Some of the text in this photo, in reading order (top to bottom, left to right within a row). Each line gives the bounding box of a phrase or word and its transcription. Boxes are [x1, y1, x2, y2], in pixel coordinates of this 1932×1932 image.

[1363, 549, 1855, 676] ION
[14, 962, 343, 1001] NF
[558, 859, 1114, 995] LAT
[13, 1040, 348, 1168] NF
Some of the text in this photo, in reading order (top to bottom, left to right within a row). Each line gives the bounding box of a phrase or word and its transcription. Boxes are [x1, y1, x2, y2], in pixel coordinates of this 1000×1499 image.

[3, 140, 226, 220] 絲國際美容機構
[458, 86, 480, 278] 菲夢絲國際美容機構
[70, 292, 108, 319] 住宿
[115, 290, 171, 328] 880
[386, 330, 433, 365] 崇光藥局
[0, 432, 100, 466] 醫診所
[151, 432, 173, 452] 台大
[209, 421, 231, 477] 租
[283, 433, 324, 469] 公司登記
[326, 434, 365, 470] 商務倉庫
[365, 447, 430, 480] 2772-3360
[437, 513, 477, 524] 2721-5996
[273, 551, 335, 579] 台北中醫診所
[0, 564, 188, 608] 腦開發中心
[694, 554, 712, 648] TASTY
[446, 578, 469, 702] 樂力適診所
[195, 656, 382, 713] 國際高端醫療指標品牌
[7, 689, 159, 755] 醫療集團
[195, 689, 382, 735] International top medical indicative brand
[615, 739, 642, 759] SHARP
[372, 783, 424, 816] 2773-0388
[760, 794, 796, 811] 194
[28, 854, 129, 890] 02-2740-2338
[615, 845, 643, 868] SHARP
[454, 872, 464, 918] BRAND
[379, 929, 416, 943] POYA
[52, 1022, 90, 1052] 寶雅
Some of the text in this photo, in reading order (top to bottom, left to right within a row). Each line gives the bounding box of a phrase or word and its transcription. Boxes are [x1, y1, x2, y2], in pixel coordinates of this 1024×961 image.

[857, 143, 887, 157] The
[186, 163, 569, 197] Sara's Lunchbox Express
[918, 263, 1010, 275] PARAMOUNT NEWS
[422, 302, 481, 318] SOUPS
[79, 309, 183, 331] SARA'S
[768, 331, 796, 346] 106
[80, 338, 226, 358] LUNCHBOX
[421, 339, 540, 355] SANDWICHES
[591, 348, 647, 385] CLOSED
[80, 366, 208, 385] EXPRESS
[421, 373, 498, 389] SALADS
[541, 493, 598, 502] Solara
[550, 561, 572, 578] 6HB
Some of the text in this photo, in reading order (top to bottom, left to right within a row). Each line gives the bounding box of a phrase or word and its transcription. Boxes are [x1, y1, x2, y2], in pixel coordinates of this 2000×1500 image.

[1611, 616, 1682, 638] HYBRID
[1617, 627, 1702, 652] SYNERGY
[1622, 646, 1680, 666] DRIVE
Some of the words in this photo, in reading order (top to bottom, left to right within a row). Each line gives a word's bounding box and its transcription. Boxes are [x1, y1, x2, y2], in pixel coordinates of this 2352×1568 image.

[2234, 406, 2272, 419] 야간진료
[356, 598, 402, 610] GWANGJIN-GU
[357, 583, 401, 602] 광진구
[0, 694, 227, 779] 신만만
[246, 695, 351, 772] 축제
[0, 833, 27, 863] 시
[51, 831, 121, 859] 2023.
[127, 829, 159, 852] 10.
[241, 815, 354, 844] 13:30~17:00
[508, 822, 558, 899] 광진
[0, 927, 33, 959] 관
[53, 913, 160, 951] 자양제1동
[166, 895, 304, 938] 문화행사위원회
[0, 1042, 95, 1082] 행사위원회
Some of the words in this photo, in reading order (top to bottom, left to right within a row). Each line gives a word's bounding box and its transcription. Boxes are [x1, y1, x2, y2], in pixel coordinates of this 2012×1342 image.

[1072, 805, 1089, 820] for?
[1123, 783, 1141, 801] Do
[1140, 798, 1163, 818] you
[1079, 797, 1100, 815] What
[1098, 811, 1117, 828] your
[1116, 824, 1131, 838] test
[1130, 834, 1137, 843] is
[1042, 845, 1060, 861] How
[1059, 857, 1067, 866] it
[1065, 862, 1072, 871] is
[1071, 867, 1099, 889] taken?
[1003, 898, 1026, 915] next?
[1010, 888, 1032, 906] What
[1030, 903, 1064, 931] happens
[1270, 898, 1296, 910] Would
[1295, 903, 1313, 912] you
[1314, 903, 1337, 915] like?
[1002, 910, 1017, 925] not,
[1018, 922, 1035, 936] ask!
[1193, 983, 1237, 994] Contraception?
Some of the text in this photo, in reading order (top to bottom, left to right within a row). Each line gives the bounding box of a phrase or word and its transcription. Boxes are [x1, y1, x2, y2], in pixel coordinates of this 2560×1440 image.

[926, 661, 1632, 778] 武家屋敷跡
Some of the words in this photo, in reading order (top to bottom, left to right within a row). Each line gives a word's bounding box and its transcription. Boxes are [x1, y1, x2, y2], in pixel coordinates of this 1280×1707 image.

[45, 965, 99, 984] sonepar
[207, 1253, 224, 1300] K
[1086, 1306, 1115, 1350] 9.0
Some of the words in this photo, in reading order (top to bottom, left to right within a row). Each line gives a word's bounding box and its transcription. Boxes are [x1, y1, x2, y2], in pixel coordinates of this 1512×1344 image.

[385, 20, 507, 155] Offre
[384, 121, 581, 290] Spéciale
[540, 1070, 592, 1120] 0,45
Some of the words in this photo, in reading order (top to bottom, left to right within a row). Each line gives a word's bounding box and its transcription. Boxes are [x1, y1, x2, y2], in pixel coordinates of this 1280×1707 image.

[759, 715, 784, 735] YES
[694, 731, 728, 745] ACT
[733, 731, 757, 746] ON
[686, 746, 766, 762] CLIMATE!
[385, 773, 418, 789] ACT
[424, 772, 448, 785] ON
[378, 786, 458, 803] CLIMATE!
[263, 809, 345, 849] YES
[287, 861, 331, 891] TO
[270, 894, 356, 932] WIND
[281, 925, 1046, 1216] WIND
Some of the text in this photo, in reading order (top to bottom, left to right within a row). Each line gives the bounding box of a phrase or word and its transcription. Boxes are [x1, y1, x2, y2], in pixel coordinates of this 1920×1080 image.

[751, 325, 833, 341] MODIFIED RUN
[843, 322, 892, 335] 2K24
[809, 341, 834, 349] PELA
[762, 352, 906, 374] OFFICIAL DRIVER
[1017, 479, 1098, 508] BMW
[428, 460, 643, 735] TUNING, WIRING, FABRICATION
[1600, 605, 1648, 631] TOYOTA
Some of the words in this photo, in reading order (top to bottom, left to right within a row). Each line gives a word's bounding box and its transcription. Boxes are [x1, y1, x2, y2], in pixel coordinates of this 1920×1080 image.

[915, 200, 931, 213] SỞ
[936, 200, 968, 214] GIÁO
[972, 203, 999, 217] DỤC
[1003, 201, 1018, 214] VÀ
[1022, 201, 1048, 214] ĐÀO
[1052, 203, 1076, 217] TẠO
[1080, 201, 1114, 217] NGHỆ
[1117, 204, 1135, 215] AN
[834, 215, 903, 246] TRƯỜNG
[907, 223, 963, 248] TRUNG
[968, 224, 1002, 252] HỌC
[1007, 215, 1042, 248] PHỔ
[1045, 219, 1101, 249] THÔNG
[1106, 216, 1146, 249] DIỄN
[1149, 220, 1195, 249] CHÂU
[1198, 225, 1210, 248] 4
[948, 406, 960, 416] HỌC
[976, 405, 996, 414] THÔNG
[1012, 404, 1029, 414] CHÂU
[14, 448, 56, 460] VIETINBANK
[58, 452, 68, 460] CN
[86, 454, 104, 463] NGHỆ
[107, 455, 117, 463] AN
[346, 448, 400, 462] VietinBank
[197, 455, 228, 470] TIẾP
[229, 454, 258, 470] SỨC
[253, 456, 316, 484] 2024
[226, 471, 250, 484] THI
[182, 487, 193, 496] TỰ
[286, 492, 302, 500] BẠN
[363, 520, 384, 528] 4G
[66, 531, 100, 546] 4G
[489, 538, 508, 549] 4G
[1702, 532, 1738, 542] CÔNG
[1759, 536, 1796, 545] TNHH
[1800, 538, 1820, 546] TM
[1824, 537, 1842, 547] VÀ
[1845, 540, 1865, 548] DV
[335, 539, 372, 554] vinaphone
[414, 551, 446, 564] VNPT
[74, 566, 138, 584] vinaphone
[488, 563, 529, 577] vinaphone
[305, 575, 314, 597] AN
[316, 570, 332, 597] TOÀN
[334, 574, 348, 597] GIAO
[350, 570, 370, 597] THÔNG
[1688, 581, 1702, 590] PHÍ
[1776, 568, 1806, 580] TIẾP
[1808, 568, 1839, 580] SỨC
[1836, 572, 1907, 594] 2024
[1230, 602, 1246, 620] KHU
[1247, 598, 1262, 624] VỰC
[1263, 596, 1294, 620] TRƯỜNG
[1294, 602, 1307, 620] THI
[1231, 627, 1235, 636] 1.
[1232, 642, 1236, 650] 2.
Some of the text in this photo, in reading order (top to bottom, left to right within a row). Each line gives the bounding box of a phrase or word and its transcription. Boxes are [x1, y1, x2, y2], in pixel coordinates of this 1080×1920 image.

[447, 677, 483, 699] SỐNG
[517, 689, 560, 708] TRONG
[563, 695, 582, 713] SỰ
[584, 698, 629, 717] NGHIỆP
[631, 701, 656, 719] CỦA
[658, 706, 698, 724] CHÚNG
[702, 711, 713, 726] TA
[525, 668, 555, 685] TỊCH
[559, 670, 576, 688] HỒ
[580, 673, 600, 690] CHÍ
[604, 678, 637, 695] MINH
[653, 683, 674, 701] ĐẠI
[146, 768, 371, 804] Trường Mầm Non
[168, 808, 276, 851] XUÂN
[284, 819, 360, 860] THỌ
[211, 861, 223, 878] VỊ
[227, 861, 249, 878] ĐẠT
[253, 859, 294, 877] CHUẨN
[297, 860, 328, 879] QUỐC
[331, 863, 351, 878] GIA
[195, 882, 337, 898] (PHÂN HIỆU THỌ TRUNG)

☆ ☆ ☆ ☆ ☆

**What is required**
Restate the final lines of the listing above word for word, beginning at the line that contains "this 1080×1920 image.".

**Answer space**
Some of the text in this photo, in reading order (top to bottom, left to right within a row). Each line gives the bounding box of a phrase or word and its transcription. Boxes are [x1, y1, x2, y2], in pixel coordinates of this 1080×1920 image.

[447, 677, 483, 699] SỐNG
[517, 689, 560, 708] TRONG
[563, 695, 582, 713] SỰ
[584, 698, 629, 717] NGHIỆP
[631, 701, 656, 719] CỦA
[658, 706, 698, 724] CHÚNG
[702, 711, 713, 726] TA
[525, 668, 555, 685] TỊCH
[559, 670, 576, 688] HỒ
[580, 673, 600, 690] CHÍ
[604, 678, 637, 695] MINH
[653, 683, 674, 701] ĐẠI
[146, 768, 371, 804] Trường Mầm Non
[168, 808, 276, 851] XUÂN
[284, 819, 360, 860] THỌ
[211, 861, 223, 878] VỊ
[227, 861, 249, 878] ĐẠT
[253, 859, 294, 877] CHUẨN
[297, 860, 328, 879] QUỐC
[331, 863, 351, 878] GIA
[195, 882, 337, 898] (PHÂN HIỆU THỌ TRUNG)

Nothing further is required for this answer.